À la date de sa livraison en avril 1951, le prix de l’engin offert à sœur Agnès équivaut donc à 2945 euros

d’aujourd’hui (janvier 2015).

Article paru dans “L’Est Républicain ” du 9 avril 1951. On note que la religieuse a besoin d’une bonne semaine

pour prendre en main sa nouvelle “monture ”. Les essais se déroulent dans les allées du parc de la salle François de

Curel.

Photographie de G. Eustache parue dans “Le Républicain Lorrain ” du 7 avril 1951.

Article de « L’Est Républicain » du 16 avril 1951

Un point final a été mis samedi dans le hall de « L’Est Républicain », à la vaste campagne entreprise par un petit nombre de personnes pour l’achat d’un scooter à notre sœur infirmière.

Si, au départ, seules deux à trois personnes (Mme Chateaux, M. Gino d’Ascanio, Mme Best) furent à

l’origine de cette idée généreuse, quelques jours après c’était la masse entière des Joviciens qui

répondait à l’appel qui lui était lancé et aux sollicitations de quelques quêteurs et quêteuses bénévoles, dont la tâche, il convient de le dire, fut facilitée par la générosité de nos compatriotes.

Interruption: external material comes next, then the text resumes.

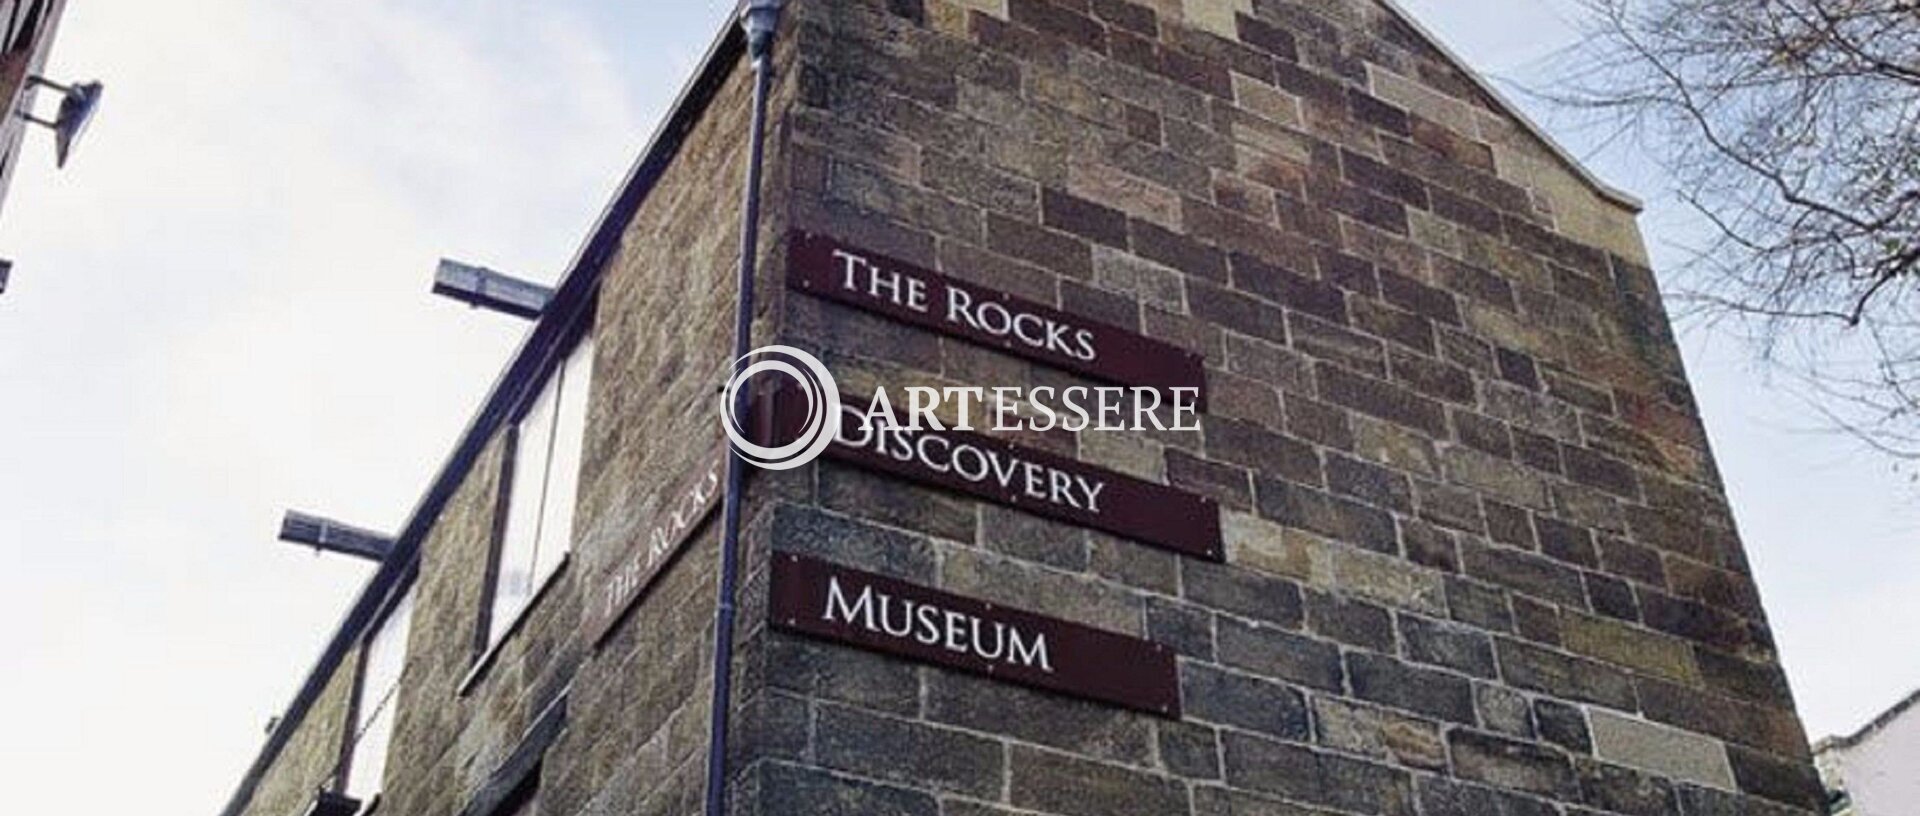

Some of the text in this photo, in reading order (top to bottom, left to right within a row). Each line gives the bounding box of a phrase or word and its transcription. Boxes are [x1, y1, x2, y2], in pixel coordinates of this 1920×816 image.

[833, 250, 1096, 361] THE ROCKS
[833, 404, 1102, 512] DISCOVERY
[823, 576, 1053, 672] MUSEUM

En présence de la Révérende-Mère Supérieure de Genibois, des représentants des paroisses de Sainte-

Croix et de Franchepré, d’une foule de plus de 200 personnes, M. Chateaux dit, au nom de son épouse, toute sa reconnaissance à ceux qui participèrent de près ou de loin au succès de la collecte.

Enfin, M. Peltier, maire de Jœuf, salua cette image nouvelle dans nos rues, que constituera notre sœur

infirmière sur son scooter.

« Le progrès, le modernisme au service du dévouement sont des preuves tangibles qu’il ne faut pas désespérer de la bonne volonté des humains. »

Ce fut ensuite l’envol… Après un démarrage… très spectaculaire quoique un peu brusque, Soeur Agnès

s’en fut à Genibois où, quelque temps après, poussée par on ne sait quel démon, elle partit après avoir enfourché son scooter. Mal lui en prit, car elle faillit emboutir un cycliste. « C’est le métier qui entre »,

nous dit-elle en guise de commentaires…

Photographie de G. Eustache réalisée devant l’agence du journal “L’Est Républicain ” située 51 rue de

Franchepré. Le cliché paraît dans “Le Républicain Lorrain ” du 15 avril 1951. Parmi la foule de plus de 200

personnes assistant au démarrage motorisé de l’infirmière, on reconnaît l’abbé Betinelli, vicaire de Notre-dame de

Franchepré (sur la gauche), et l’on distingue le chapeau du maire, Maurice Peltier.